Layoffs are looming for city workers, Toronto’s cost-cutting mayor warned Friday.

Unless more staff starts volunteering to take buyouts, Mayor Rob Ford said his administration can’t avoid penning pink slips.

Reluctant to take that hard road, “I don’t know if we have a choice,” he said on The Roundtable, with SUN News co-hosts Pat Bolland and Sue-Ann Levy, the Toronto Sun’s veteran city hall columnist.

Blaming “the previous administration” driven by council left-wingers with a “culture” of milking taxpayers to finance special interest programs, Ford said he wants to work with city worker unions and avoid axing staff.

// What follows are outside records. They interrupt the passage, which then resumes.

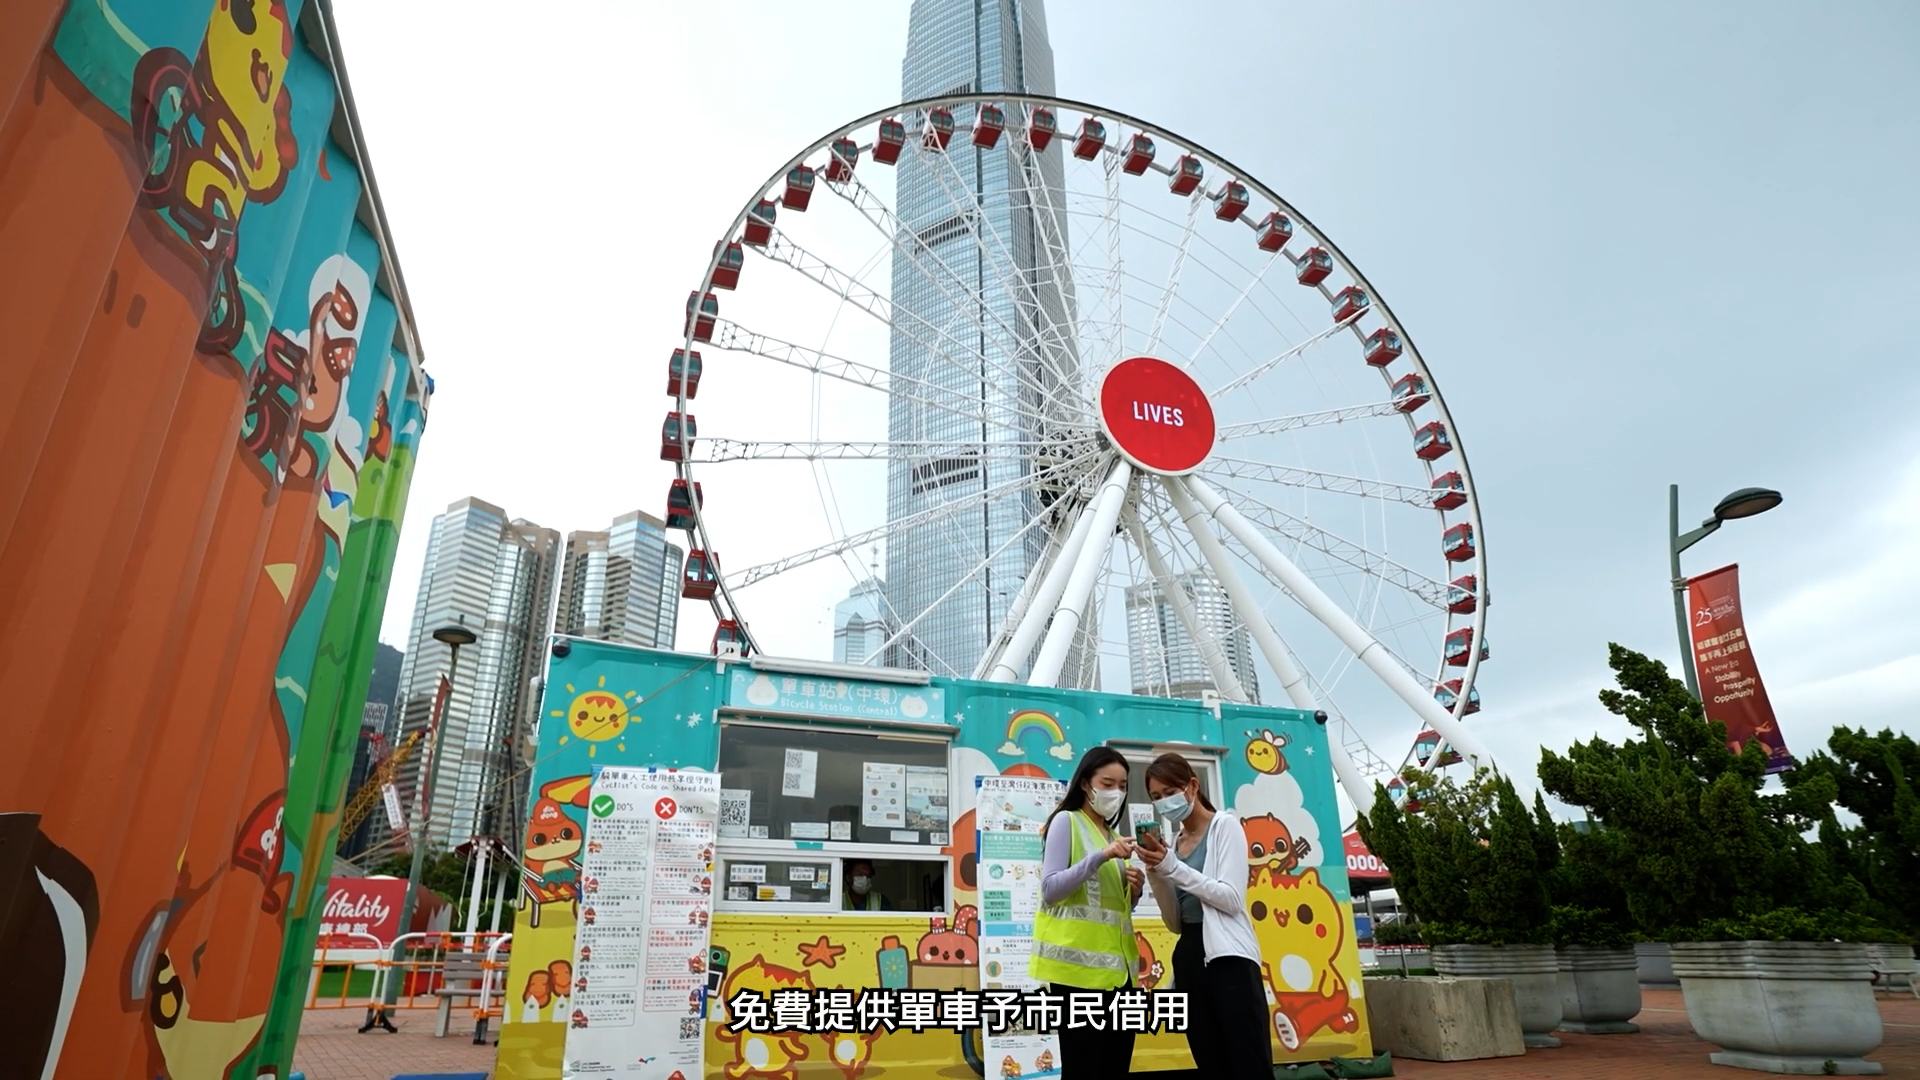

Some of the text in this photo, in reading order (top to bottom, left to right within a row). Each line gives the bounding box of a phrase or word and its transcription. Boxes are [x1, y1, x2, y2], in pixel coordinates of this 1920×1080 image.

[1133, 401, 1184, 427] LIVES
[1696, 607, 1713, 627] 25
[1711, 663, 1729, 674] New
[781, 678, 835, 698] 單車站
[1713, 688, 1755, 704] Opportunity
[781, 697, 898, 717] Bicycle Station (Central)
[641, 782, 658, 791] Code
[672, 784, 697, 792] Shared
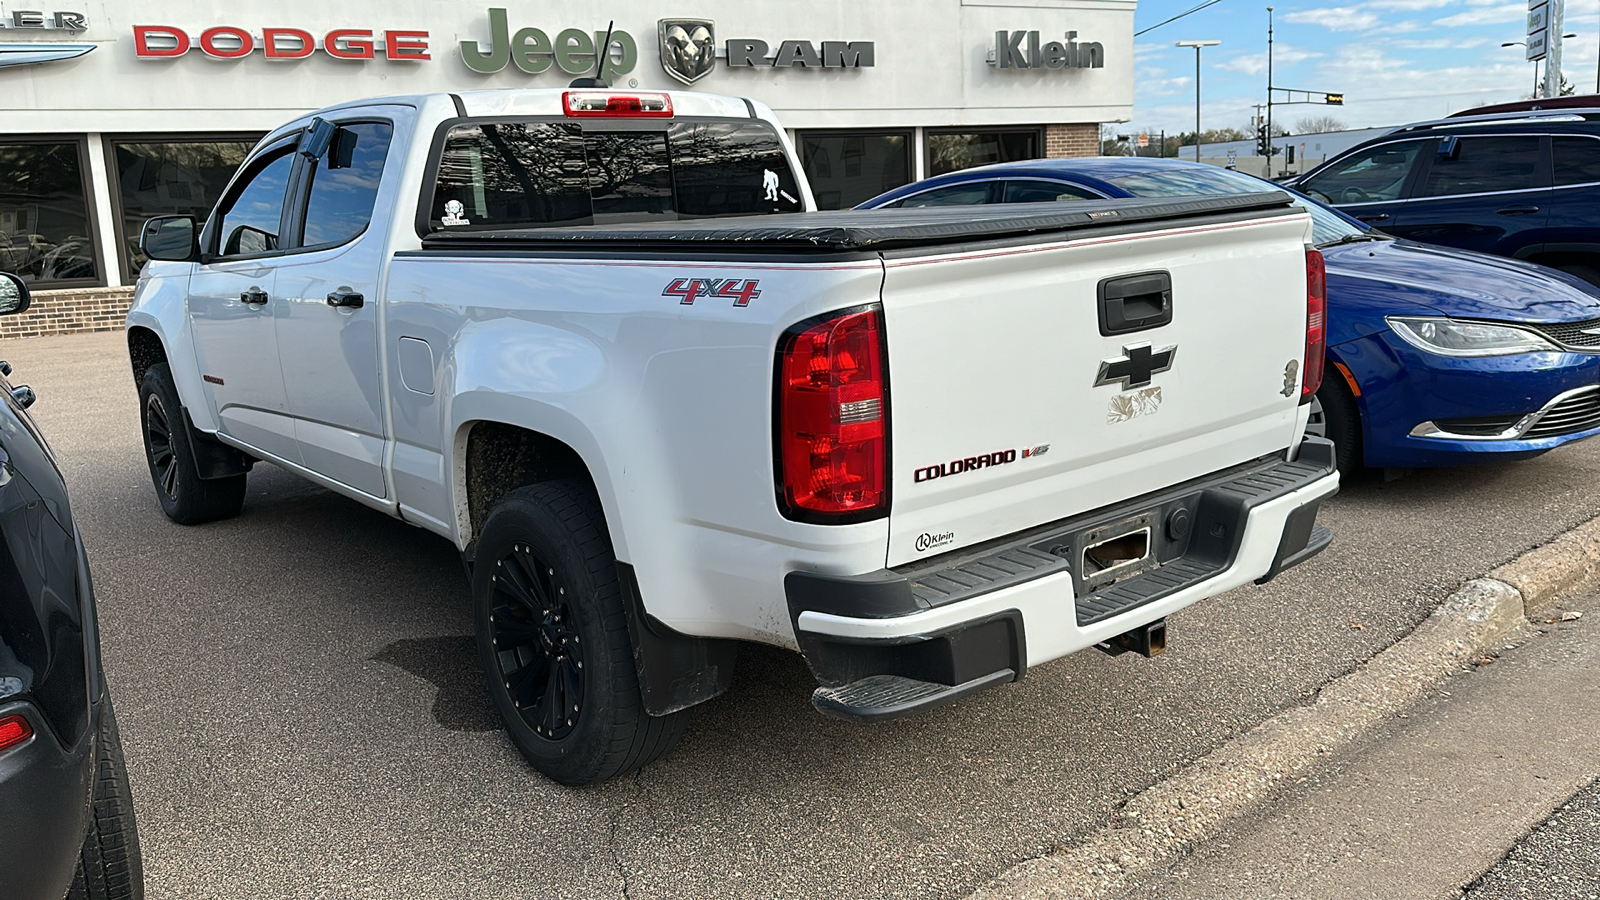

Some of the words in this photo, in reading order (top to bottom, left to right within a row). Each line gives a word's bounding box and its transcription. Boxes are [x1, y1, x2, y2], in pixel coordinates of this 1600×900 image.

“Right now it’s a mess we have to clean up,” he said.

“I want to work with the unions, but if they hold us hostage ... like they did two years ago with the garbage strike, I’m not going to stand for that,” Ford said, warning: “Don’t put a gun to our heads because that’s not going to work.”

Ford has vowed to trim $380 million in spending to reduce the 2012 budget gap of $774 million, “and if we don’t do anything, we’re looking at 30-to-35% tax increases,” he said.

Taxpayers have repeatedly told him they want “a safe city,” which resulted in a contract settlement with Toronto Police that included a 2.8% wage hike retroactive to Jan. 1. The deal, reached in May, boosts officer and civilian salaries by a total of 11.5% over the next four years.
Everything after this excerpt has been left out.